Some Crown investors argue that even in the absence of a takeover bid, the company’s improving debt position would have eventually seen its share price re-rate, particularly as dividend payments were restarted.
But with Crown now firmly in play, the debt issue will become a central plank in the push by the board and its bankers to either get Blackstone to raise its $11.85-a-share offer or to extract a bigger deal from another suitor.
Crown chasing better offer
The strength of Crown’s balance sheet would theoretically allow Blackstone to use the mountains of ultra-cheap debt floating around the world to turbocharge the potential returns from its Crown deal.
You can expect Crown’s bankers to argue that possibility needs to be more fully reflected in Blackstone’s offer price.
JPMorgan analyst Don Carducci, who sees net debt falling to $268 million by 2023, has run some interesting numbers on the sort of valuation Crown could attract based on international earnings multiples over the next few years.
The median valuation multiple for global casino companies based on their 2023 earnings before interest, tax, depreciation and amortisation is 11.2 times, which would value Crown about $13.60 a share.
But Carducci points out that historically the average multiple in global casino deals is about 9.5 times, which implies a valuation of $11.50 a share, which is below Blackstone’s existing offer.

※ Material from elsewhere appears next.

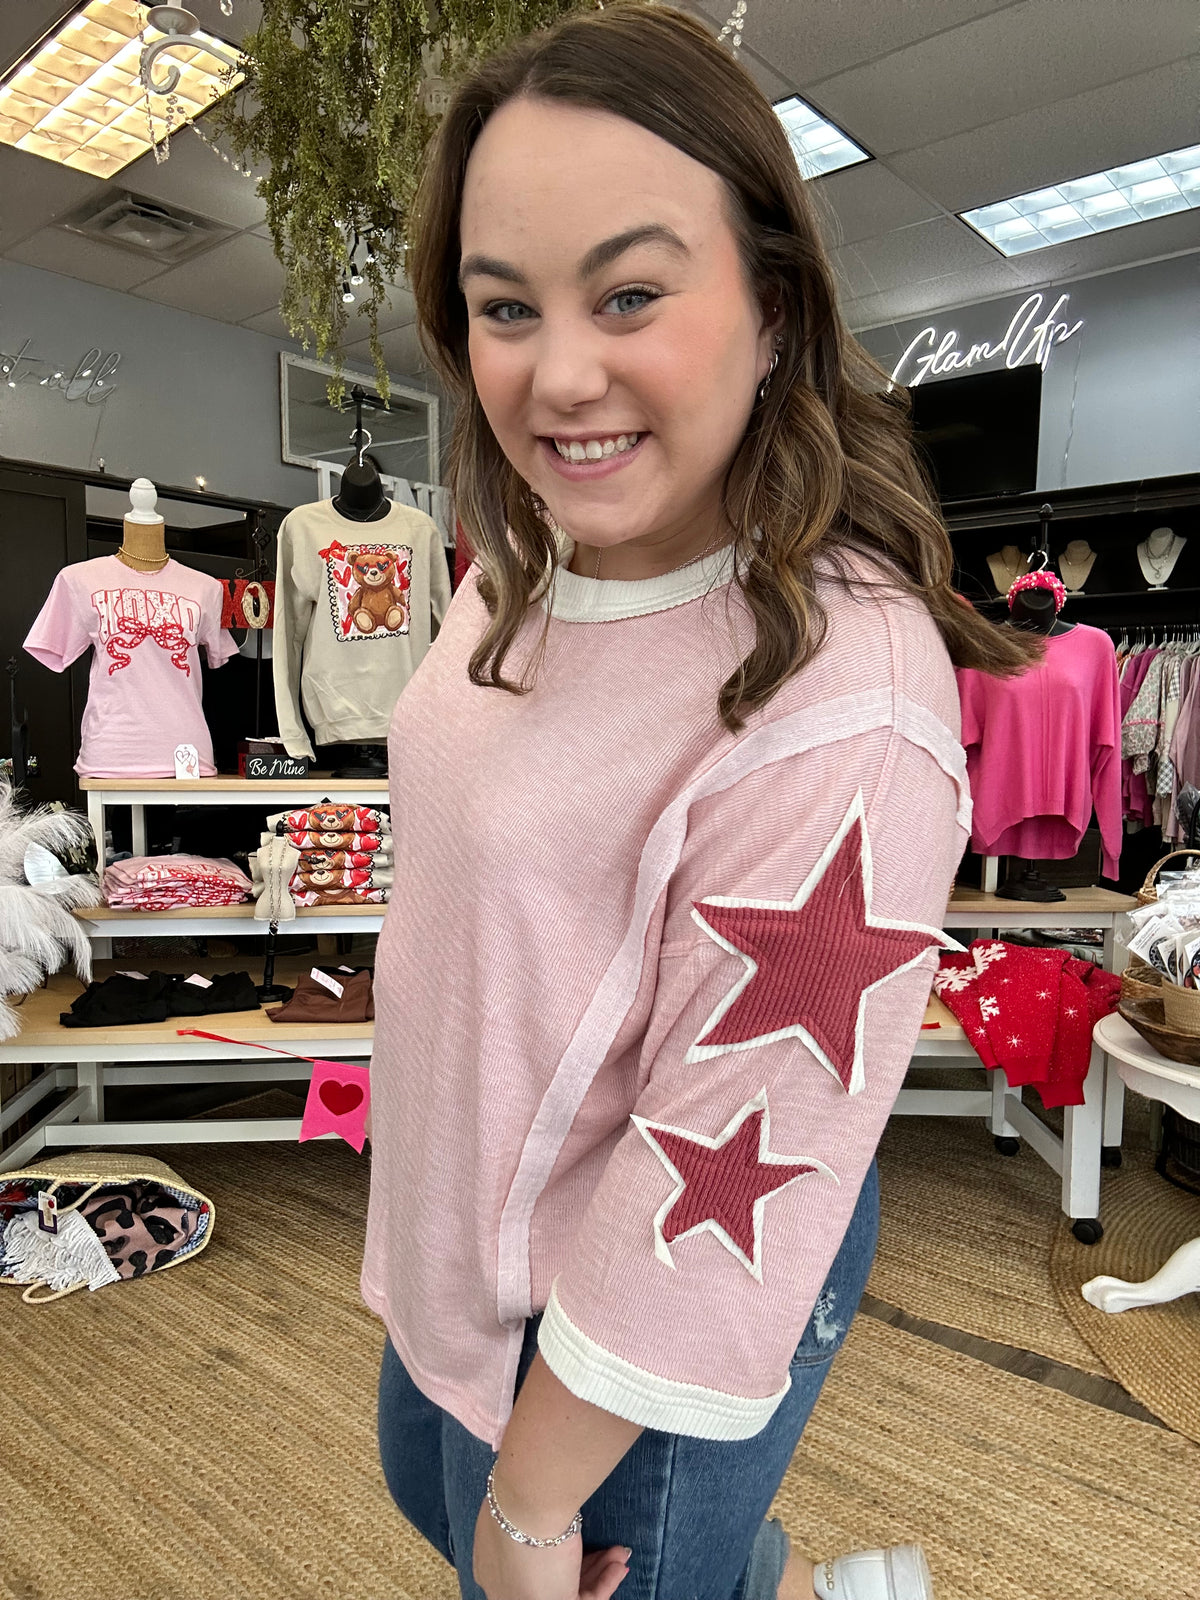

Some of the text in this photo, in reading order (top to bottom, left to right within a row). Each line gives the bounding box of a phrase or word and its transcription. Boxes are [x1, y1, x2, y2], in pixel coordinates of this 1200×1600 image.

[886, 327, 1005, 393] Glam
[91, 588, 201, 645] XOXO
[249, 758, 306, 777] Be Mine

On that basis, Crown investors hoping Blackstone goes to $14 or $15 a share may well be disappointed. Getting an offer with a $12 in front of it might be more realistic – unless some competitive tension can be injected into this auction.
But Crown bulls insist that the Crown of 2023 will be a very different beast to the Crown of today.
Its regulatory woes should be behind it, its governance should be as good as its assets are, its debt will be low and the cash will be flowing.
As with any takeover, it’s the gap between reality and expectation that Blackstone and Crown will need to close.
While Blackstone’s track record in running US casinos (and passing the strict probity tests in Nevada, the home state of Las Vegas) will probably appeal to Australian regulators fed up with Crown’s poor governance standards, some observers question whether the capital structure Blackstone would typically use in a deal like this – that is, a structure with higher debt levels than Crown has typically employed – might give regulators cause for concern.
Blackstone’s famous mantra – buy it, fix it, sell it – doesn’t exactly scream “long-term owner”. Which is why Carducci and others still see a scenario where Blackstone brings in a joint venture partner to operate the casino, while it takes the underlying properties.
This is a tactic Blackstone has used successfully in Las Vegas. Carducci says Crown’s Sydney rival, The Star Entertainment Group, could be a good JV partner and could earn as much as $103.5 million per annum managing Crown’s casinos.
“This provides The Star with a significant value-creation opportunity without having to independently bid for Crown,” he says.